Alan Coward, the recently appointed MD of end-to-end solutions provider EDS Africa, is confident that the company faces a bright future following the sale of Dimension Data`s (DiData`s) 50% stake in the company back to its US parent, EDS.
DiData sold its stake back to EDS in October, in a deal valuing the company at R1 billion.
Coward says the change will have a significant and positive impact on the South African subsidiary.
By becoming a wholly-owned EDS entity, its access to the multi-national`s resources, processes and skills will improve substantially. This will accelerate the globalisation of EDS Africa, help it provide its clients with a world-class service, and add impetus to its growth.
Coward, formerly MD of Panasonic, explains that EDS Africa has a new management team and structure. This, together with changes in the structure and management of EDS at the global level, will strengthen the culture of "delivery - whatever it takes" at the South African company.

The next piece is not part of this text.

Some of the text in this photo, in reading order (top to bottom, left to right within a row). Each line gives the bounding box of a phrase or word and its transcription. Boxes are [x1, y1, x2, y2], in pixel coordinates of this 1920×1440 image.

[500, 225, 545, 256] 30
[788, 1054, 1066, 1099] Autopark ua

"EDS Africa has always shared the driven, committed culture of its global parent. Mixed with this has been our own, South African flavour. With the tightening of the lines of command and the shortening of the lines of communication I believe we will evolve steadily toward EDS`s international culture. This, within the context of the rapidly globalising local industry, will make it a more powerful force than ever."
Globally, EDS has been reformed across four lines of business - AT Kearney (high-value consulting), E.solutions (electronic business), Information Solutions (IT outsourcing) and Business Process Management.
Lines of access
Says e-business director Susie Thompson: "The restructuring of EDS has created direct lines of access from each of these divisions in SA to our international centres. It`s now much easier to get resources and input than before, when we were a 50% subsidiary at the far end of the Europe/Mid-East/African sector."

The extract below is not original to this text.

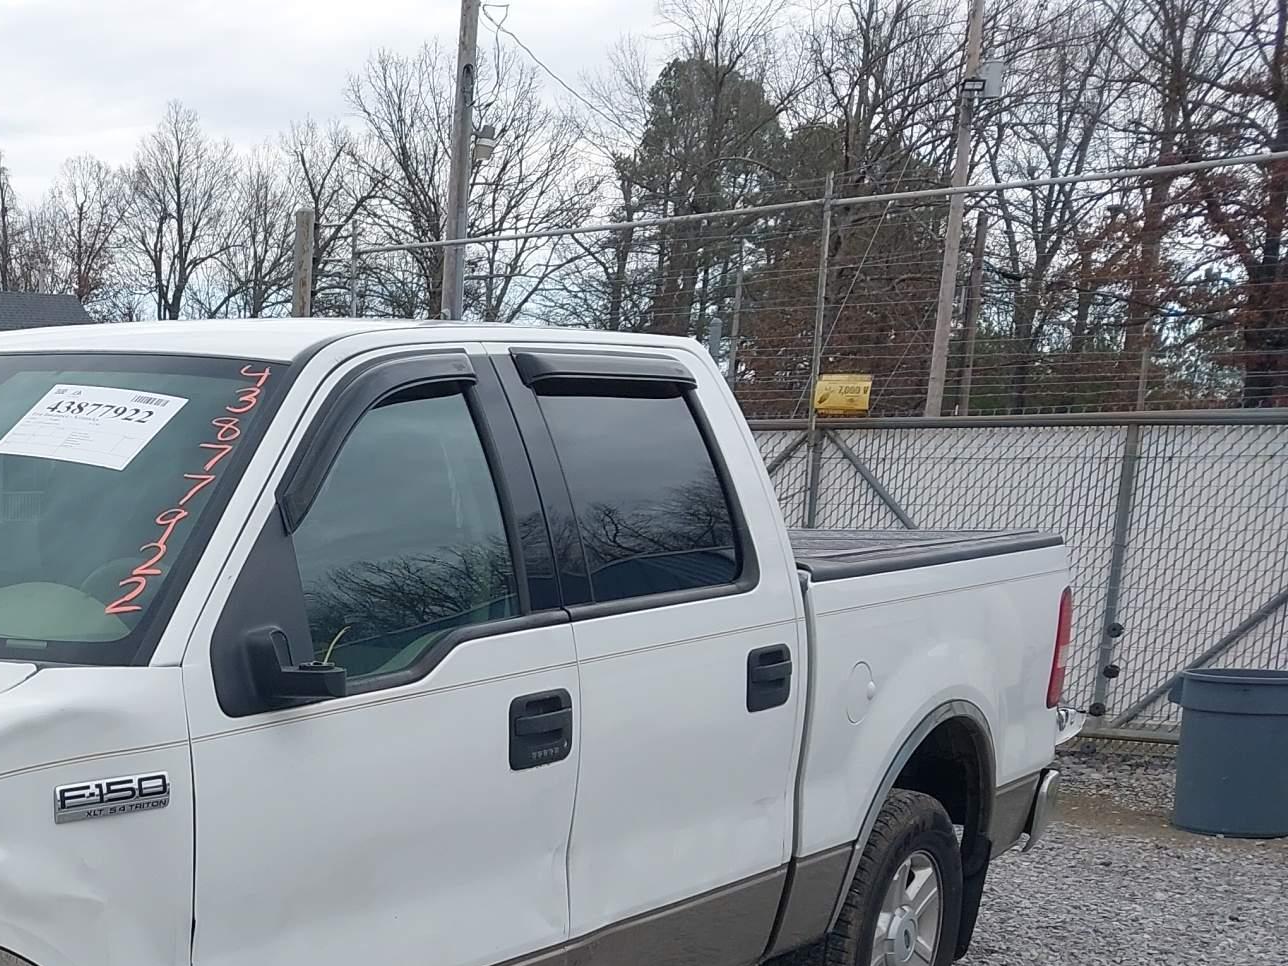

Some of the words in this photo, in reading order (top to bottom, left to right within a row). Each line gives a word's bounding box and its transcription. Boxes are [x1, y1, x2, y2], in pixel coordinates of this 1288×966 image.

[47, 400, 153, 423] 43877922
[105, 364, 271, 614] 43877922
[86, 808, 104, 817] XLT
[129, 799, 167, 811] TRITON

Coward adds: "I believe in the direction that [EDS internationally] is taking. My role is to facilitate, push and champion that approach and make sure it works here in SA.
"It`s going to be a difficult model because it requires the mindset of people to open up and accept a more international way of doing things. But once we`ve gone through that mindset change I believe our clients are going to get a magnificent benefit. And when clients get great benefit it comes through on the bottom-line."

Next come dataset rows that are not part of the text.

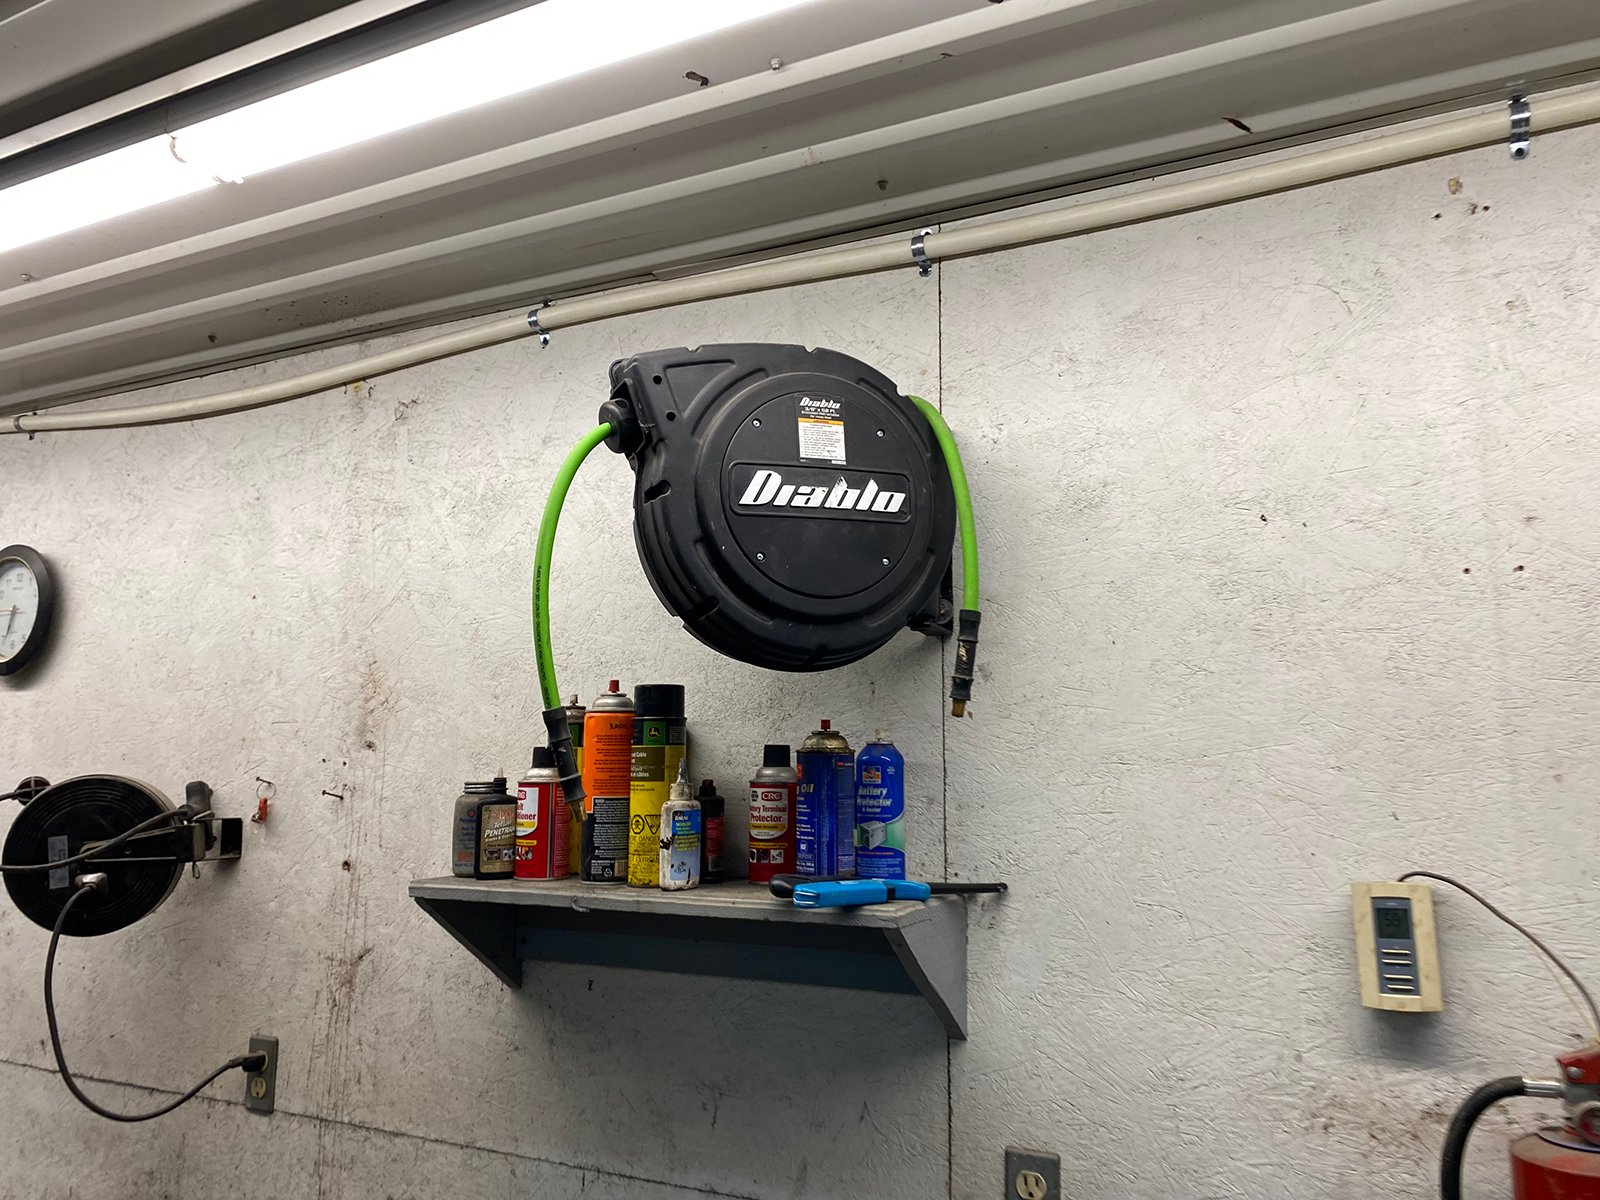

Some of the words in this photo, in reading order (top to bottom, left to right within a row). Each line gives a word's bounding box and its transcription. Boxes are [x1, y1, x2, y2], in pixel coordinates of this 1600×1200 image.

[799, 397, 841, 409] Diablo
[738, 470, 906, 513] Diablo
[762, 792, 782, 800] CRC
[762, 804, 787, 813] Terminal
[751, 813, 783, 823] Protector
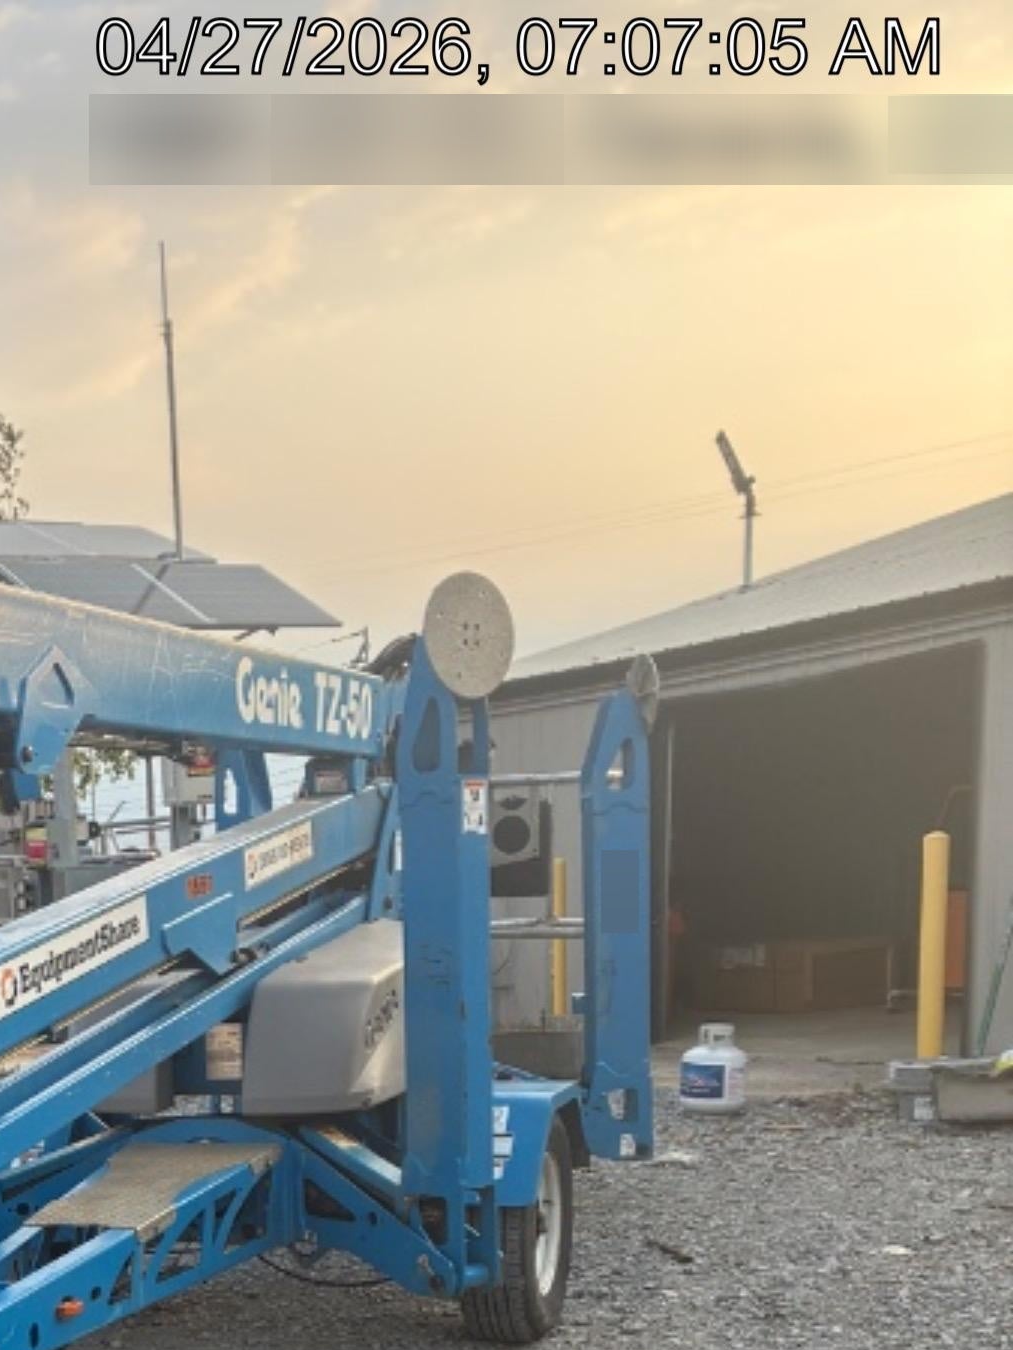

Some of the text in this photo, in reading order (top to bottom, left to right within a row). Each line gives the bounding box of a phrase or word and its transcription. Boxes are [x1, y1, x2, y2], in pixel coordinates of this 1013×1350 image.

[235, 656, 374, 740] Genie TZ-50
[18, 914, 141, 994] EquipmentShare

EDS Africa still has a good relationship with DiData, and the sale back to the parent company has not decreased EDS`s business.
"DiData is a magnificent company. It is a well-respected, really good South African computer company, and working together with them is going to add a lot of benefit to EDS. And, being built on good, sound relationships and good, sound business principles, in serving its customers out there, I think it will just get better and better."
Thompson agrees: "It`s much easier to partner with them now than it was before. We no longer have two shareholders, whose priorities and business objectives were not always identical. Now that we`re independent, it`s much easier for both of us to focus on the business benefits for the client and then to structure the right solution.
"So when EDS develops an overall solution for a client, if there is a requirement in a particular area you can tap into the appropriate Dimension Data division and know they`ve got the service or the product to fit the solution.
"There`s no internal pressure from shareholding or anything else. You`re doing it purely because that`s the right partner."
Thompson says EDS is trying to differentiate itself from other e-business suppliers by not only designing and building solutions, but through implementation and actually managing the business once it is in.
"We don`t just come in and say this is what you need to do and then walk out," she adds. The company assesses the vision, sets service levels and agrees on the expected benefits. Only then is a contract drawn up that ensures EDS delivers a set of measurable business benefits.